Le 18 juillet dernier, Élie Maure, auteure du Cœur de Berlin et lauréate des Rendez-vous du premier roman, était l’invitée du Carrefour de la littérature, des arts et de la culture (le CLAC Mitis), en collaboration avec l’Union des écrivaines et des écrivains québécois (UNEQ) et le Club des Grands lecteurs du CLAC, dans le cadre d’un thé littéraire aux luxuriants Jardins de Métis.
Dense, bouleversant, ce roman émaillé de retournements surprend : plusieurs situations adroitement présentées comme idylliques de l’extérieur se révèlent mortifères dans l’intimité des personnages. Ce traitement « multicouche » tient en haleine : Élie Maure rapproche avec brio l’injonction de mémoire qu’un père professeur, intellectuel brillant et tyrannique impose à ses enfants et l’amnésie de certains d’entre eux, symptôme de souvenirs traumatiques occultés pour raison de survie.

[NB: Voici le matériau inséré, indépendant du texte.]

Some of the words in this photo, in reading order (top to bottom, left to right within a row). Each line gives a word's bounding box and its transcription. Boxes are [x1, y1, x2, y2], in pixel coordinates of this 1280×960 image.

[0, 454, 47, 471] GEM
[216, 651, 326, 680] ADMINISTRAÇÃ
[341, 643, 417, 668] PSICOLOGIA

Simon, le narrateur, la cinquantaine, partage son temps entre l’écriture, plus ou moins en dilettante, ses déplacements à vélo, passion qui cadence le flux de ses pensées et le rythme du texte, et son travail dans le milieu de la recherche universitaire. Jusqu’au jour où son père décède. Tout comme son chien, seul élément stable dans la vie de cet « éternel adolescent ». Remonte alors à sa mémoire le souvenir de Béatrice, sa presque jumelle dont il était si proche et qu’il ne voit plus depuis des années. Que s’est-il passé? Pourquoi Béatrice a-t-elle disparu? Pourquoi ne s’en est-il jamais soucié? Simon part à la recherche de sa sœur comme s’il en allait de sa survie. S’ensuit une quête identitaire qui l’amènera à rendre visite à des personnages à la psychologie brossée avec précision, virtuosité : sa mère dépressive, ses deux frères, au tempérament opposé, une amie de Béatrice, qui fera office de messagère et une tante, sœur de ce père qu’il connaît mal. Une soif de vérité, un impérieux besoin de vivre le pousseront à exhumer des secrets délétères.

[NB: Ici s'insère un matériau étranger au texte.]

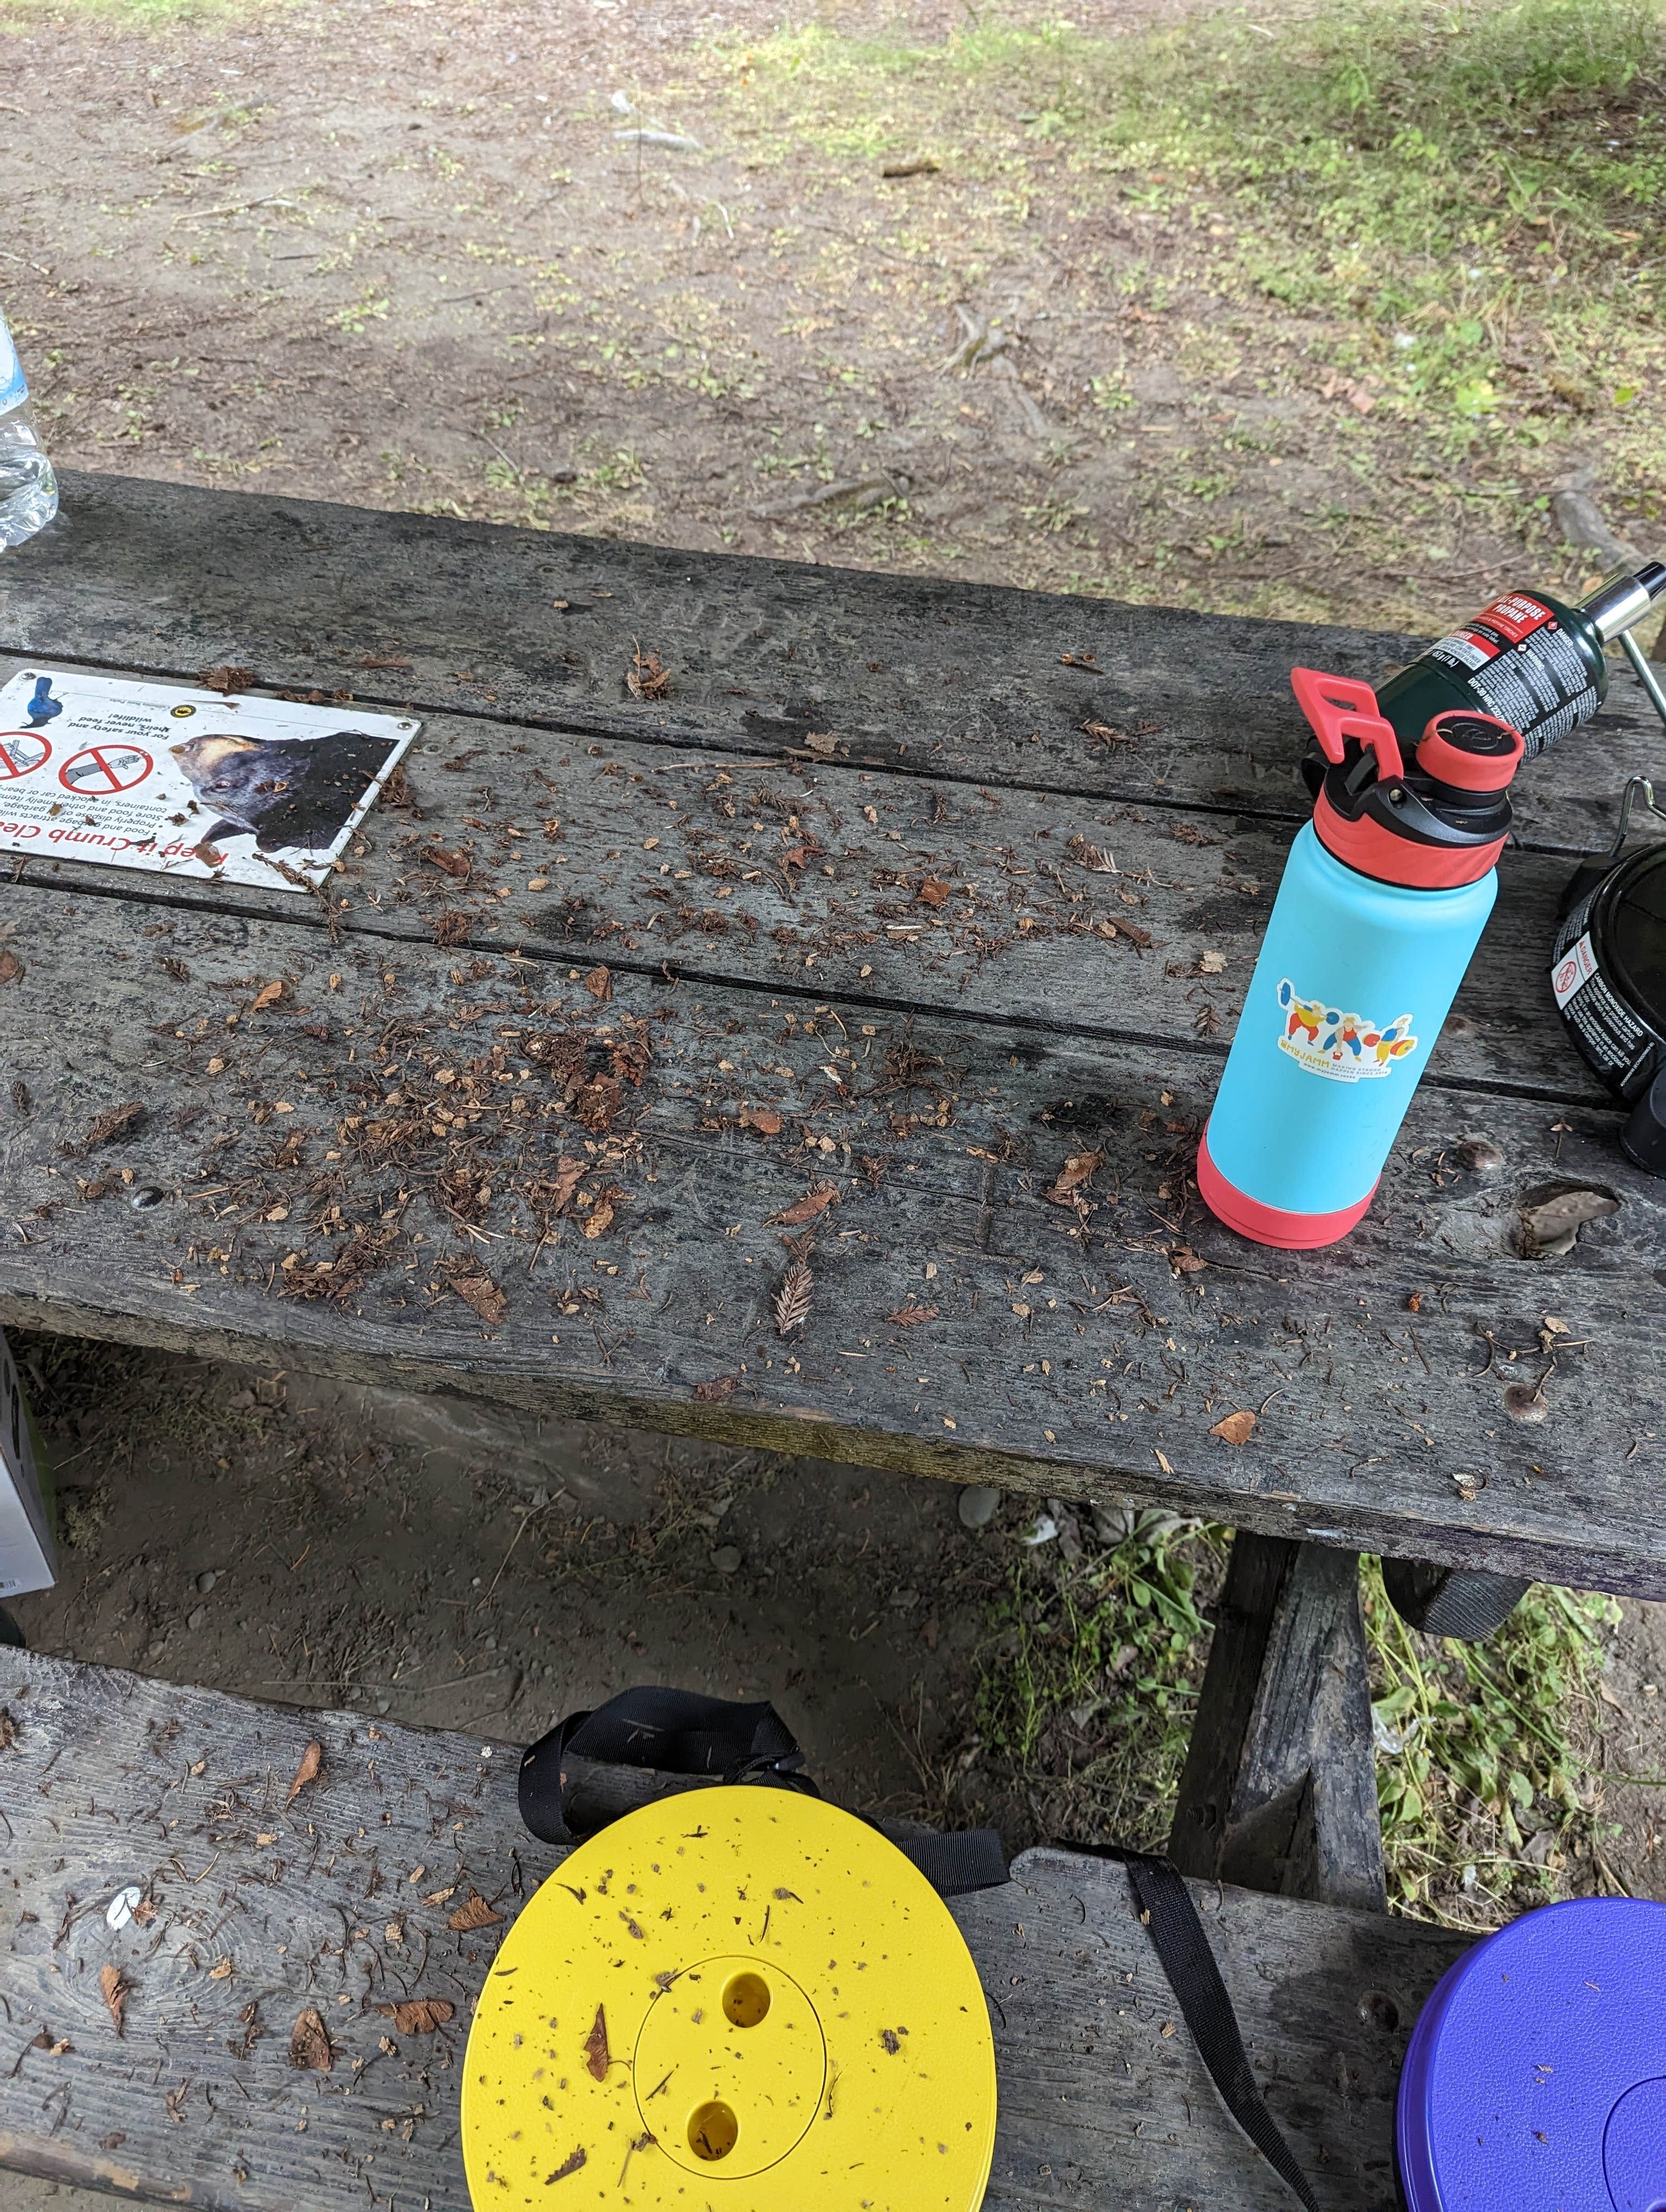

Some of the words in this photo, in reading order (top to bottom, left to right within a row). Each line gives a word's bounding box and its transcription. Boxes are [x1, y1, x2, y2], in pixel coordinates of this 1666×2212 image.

Abouti, à l’écriture maîtrisée – à la fois crue, poétique et richement imagée –, Le cœur de Berlin se lit d’une traite. Le sujet est ardu, mais la voix est juste, très juste. L’auteure nous présente des relations familiales toxiques, mais instille néanmoins de la douceur, de la clarté, terreau propice à l’apaisement, à défaut d’une rédemption : « Personne ne me voit, mais moi je sais, je baigne dans la lumière […] J’ai trouvé ma source. […] Le monde possède un visage pour contempler l’infini. »
Élie Maure montre de façon magistrale comment les souffrances se transmettent de génération en génération, « voyagent comme des passeports diplomatiques », jusqu’à ce qu’un membre de la lignée réussisse à y mettre un terme, au prix de longs et difficiles efforts.
La construction de l’œuvre est remarquable : quatre saisons en guise de chapitres, cinq lettres, de multiples cercles concentriques de plus en plus étroits, qui se resserrent comme un étau, à l’image des griffes du rapace, « toujours agrippé [aux] omoplates » de Simon, métaphore de ses angoisses, de sa mélancolie, de ses cauchemars. Des indices, comme autant de pièces d’un casse-tête ou de cailloux blancs qu’aurait semés là un Petit Poucet craignant de se perdre, constellent la lecture et prennent tout leur sens plusieurs dizaines de pages plus loin, dans des fragments composés en écho. Et tout s’éclaire soudain : la forme apparemment morcelée épouse le fond, ces souvenirs qui ne reviennent à la mémoire que par bribes.
Traité très près du corps, de la sensation, où l’Algérie, lieu de l’enfance des protagonistes, tient une place centrale, Le cœur de Berlin est un roman intimiste et émouvant, qui demeure longtemps sous la peau. À lire absolument.
Élie Maure animera un apéro littéraire le 13 décembre, à 17 h, au Château Landry de
Mont-Joli, à l’issue d’une résidence de création.